The Belleville Chinatown begins right after the Métro stop. I try to match the signs from her character in my book, but there are so many signs and the neon lettering looks nothing like those soft ink lines she wrote. I ask around for double happiness. I have no idea if I’m asking for a place, a person, a food, a state of mind. The Chinese people look frightened of me and no one answers, and I begin to wonder if maybe I’m not really speaking French, only imagining I do. Finally one of them, an old man with grizzled hands clutching an ornate cane, stares at me and then says, “You are a long way from double happiness.”

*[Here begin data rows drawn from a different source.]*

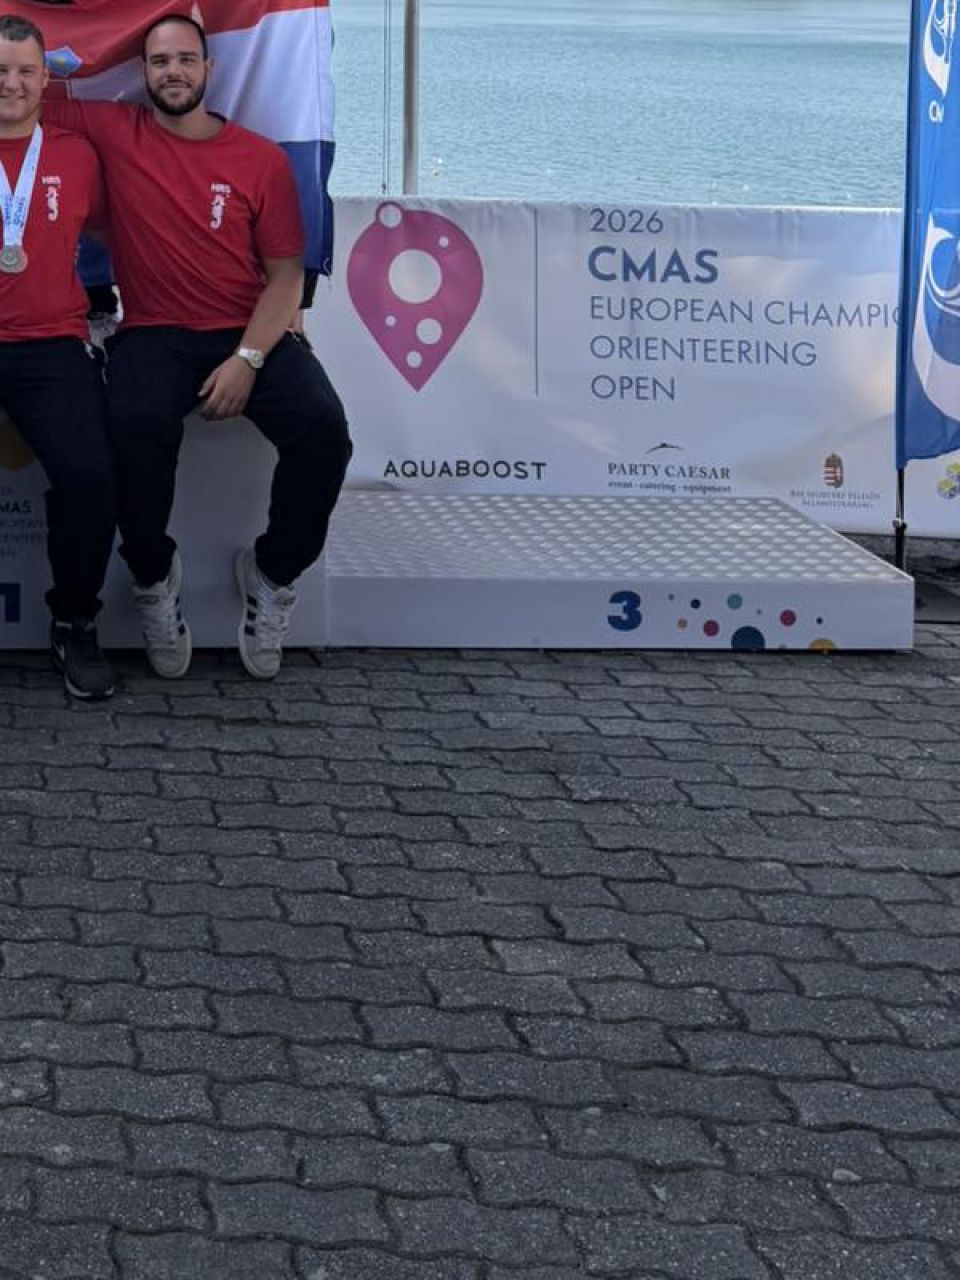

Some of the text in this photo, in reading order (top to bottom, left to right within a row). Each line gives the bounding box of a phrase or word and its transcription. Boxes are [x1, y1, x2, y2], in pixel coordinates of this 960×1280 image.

[590, 208, 664, 233] 2026
[588, 246, 719, 283] CMAS
[590, 296, 753, 323] EUROPEAN
[590, 335, 817, 366] ORIENTEERING
[591, 375, 676, 400] OPEN
[383, 460, 546, 480] AQUABOOST
[607, 463, 730, 480] PARTY CAESAR
[607, 590, 643, 631] 3

I am about to ask what he means, where it is, but then I catch a glimpse of my reflection in a shop window, my eye swelling purple, the bandage on my face seeping blood. I understand he isn’t talking about a place.
But then I do glimpse familiar letters. Not the double happiness character, but the SOS letters from the mysterious T-shirt I was wearing earlier at the hospital. I see it now on another T-shirt, worn by a guy my age with jagged hair and an armful of metal cuffs. Maybe he’s connected to double happiness somehow.
It winds me to catch up with him, a half block away. When I tap him on the shoulder, he turns around and steps back. I point to his shirt. I’m about to ask him what it means when he asks me in French, “What happened to you?”
“Skinheads,” I reply in English. It’s the same word all over. I explain in French that I was wearing a T-shirt like his before.
“Ahh,” he says, nodding. “The racists hate Sous ou Sur. They are very anti-fascist.”
I nod, though I remember now why they beat me up, and I’m pretty certain it had little to do with my T-shirt.
“Can you help me?” I ask.
“I think you need a doctor, my friend.”
I shake my head. That’s not what I need.
“What do you want?” the guy asks me.
“I’m looking for a place around here with a sign like this.”
“What is it?”
“Double happiness.”
“What’s that?”
“I’m not sure.”
“What is it you’re looking for?”
“Maybe a store. Restaurant. Club. I don’t know, really.”
“You don’t know shit, do you?”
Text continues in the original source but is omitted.